# TRY IT
Output the entries below unchanged, except for the pictures.

_ _ _ _ _

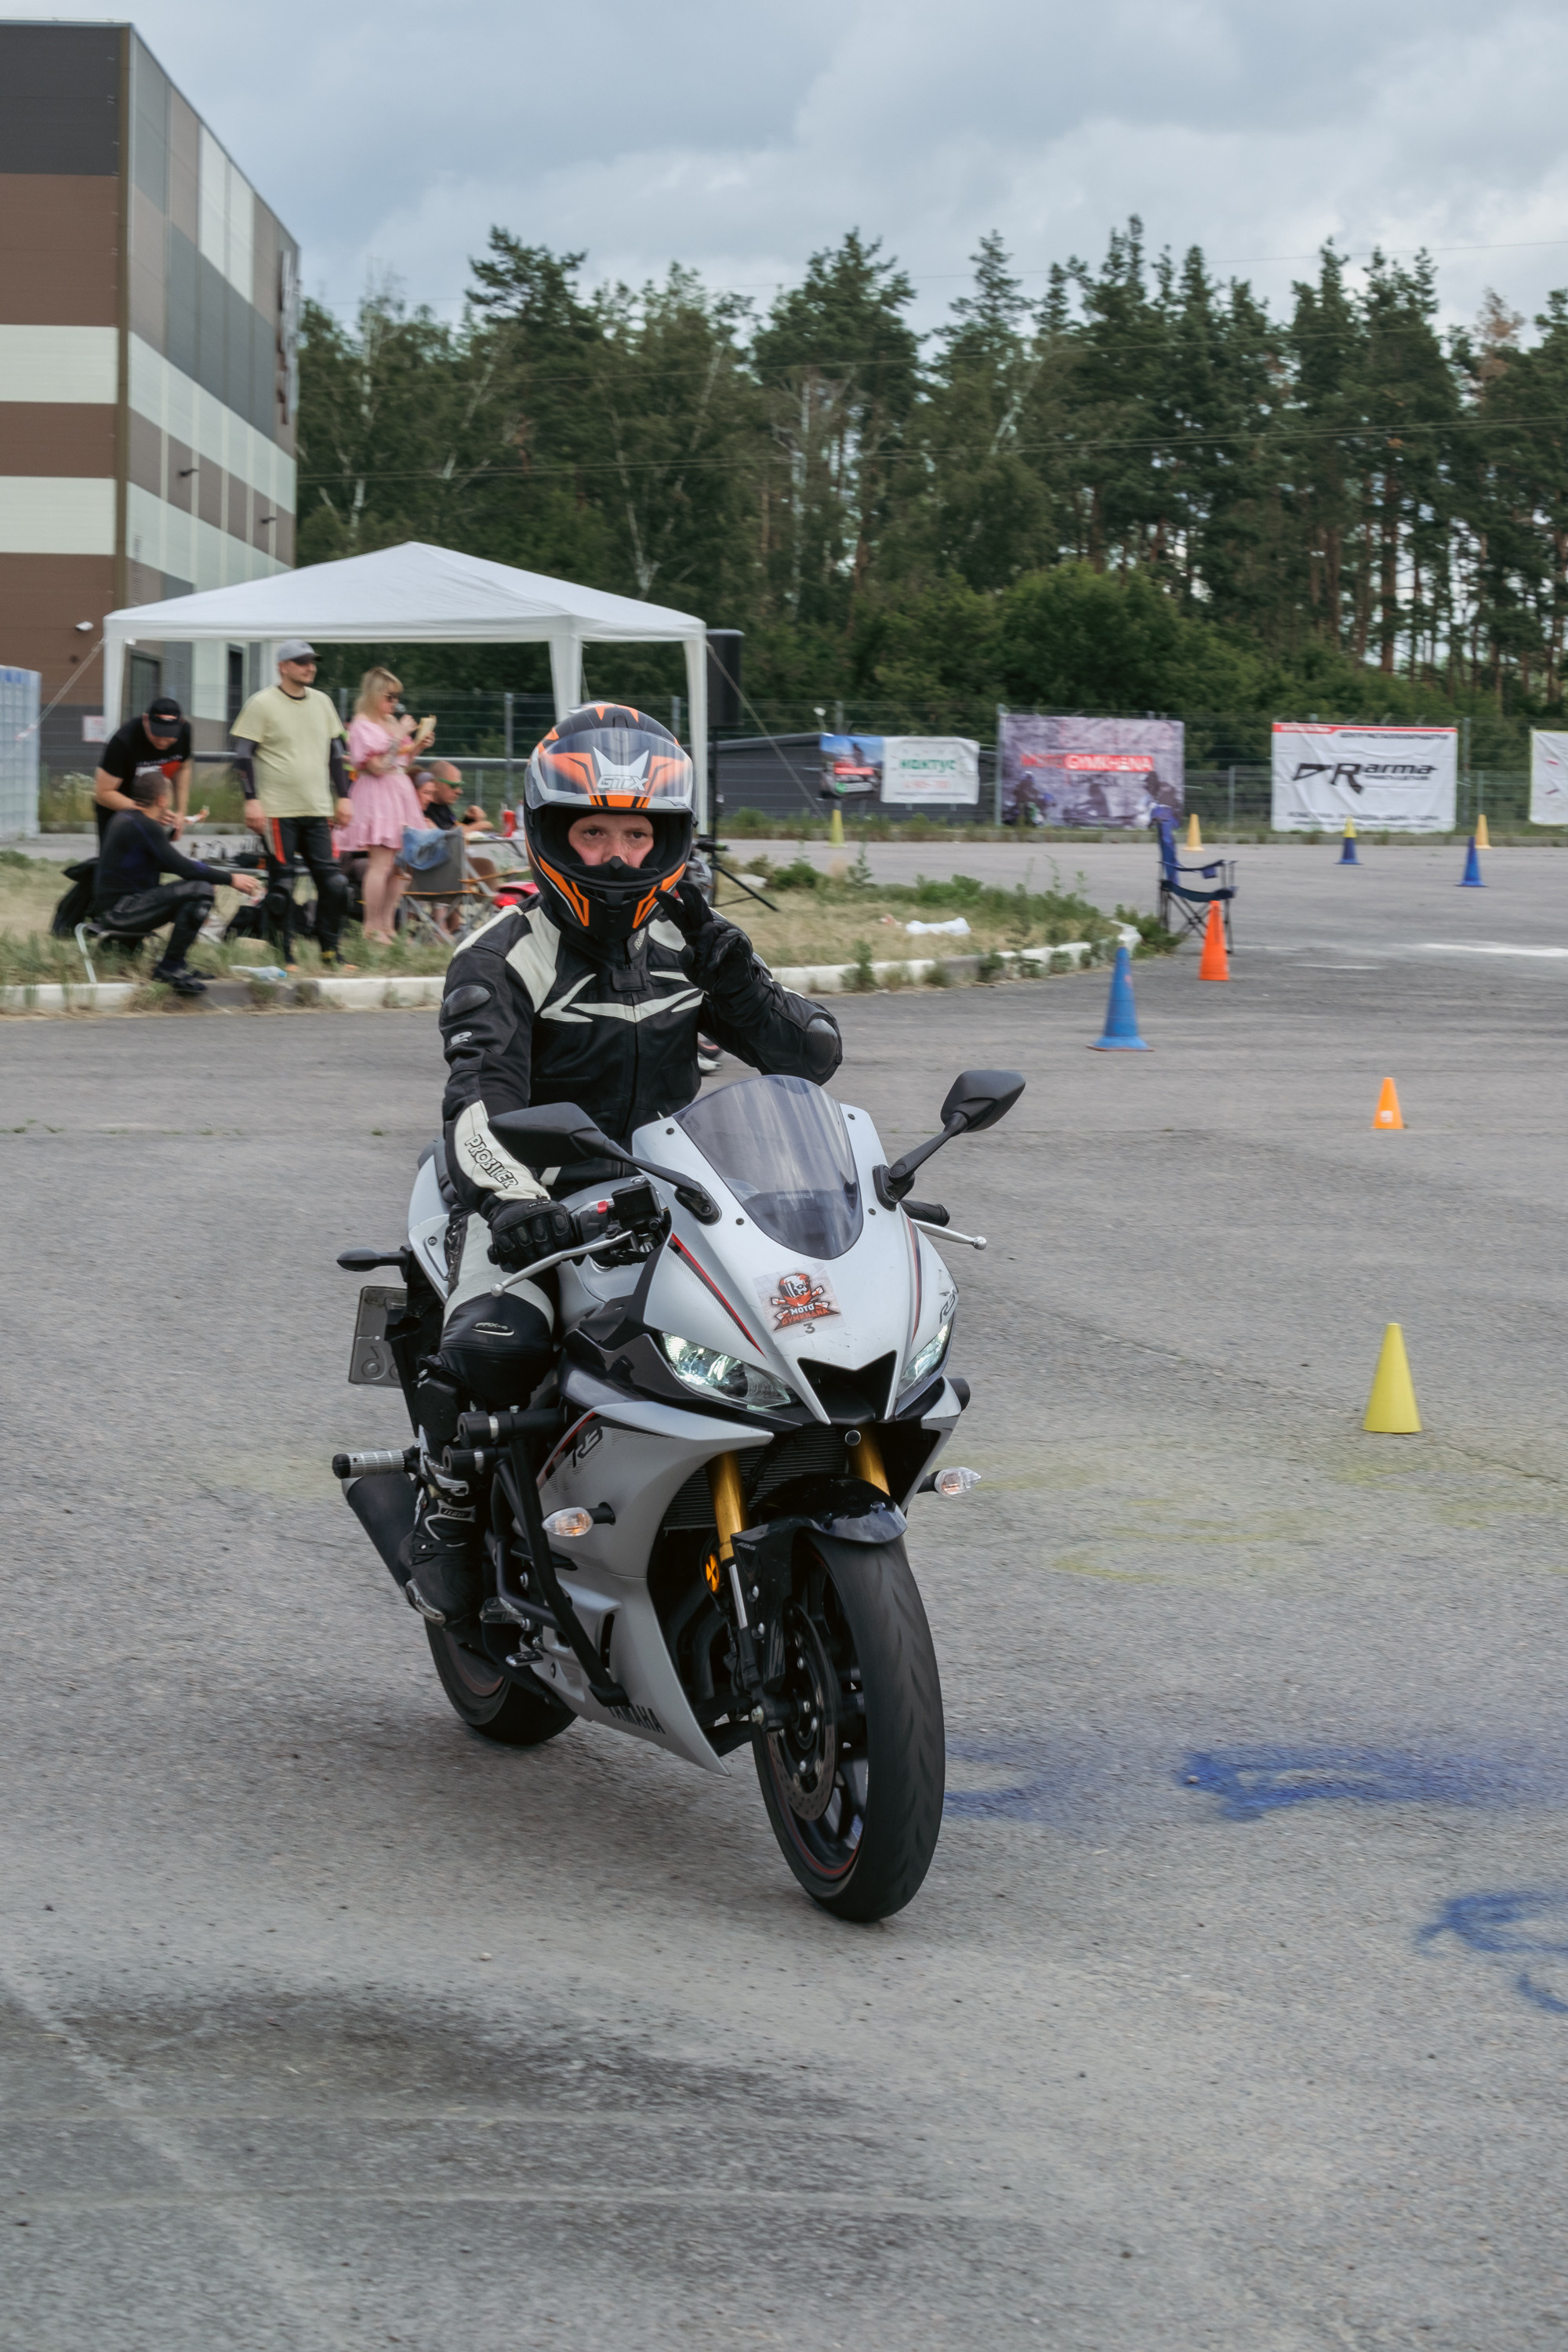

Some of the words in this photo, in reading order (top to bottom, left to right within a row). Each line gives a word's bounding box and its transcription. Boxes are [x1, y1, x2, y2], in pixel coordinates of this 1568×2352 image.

[597, 775, 649, 792] GTX
[782, 1308, 830, 1326] GYMKHANA
[789, 1303, 815, 1316] MOTO
[804, 1322, 816, 1334] 3

_ _ _ _ _

# RESPONSE BELOW
Some of the words in this photo, in reading order (top to bottom, left to right within a row). Each line gives a word's bounding box and its transcription. Boxes are [x1, y1, x2, y2], in pixel coordinates of this 1568×2352 image.

[597, 775, 649, 792] GTX
[782, 1308, 830, 1326] GYMKHANA
[789, 1303, 815, 1316] MOTO
[804, 1322, 816, 1334] 3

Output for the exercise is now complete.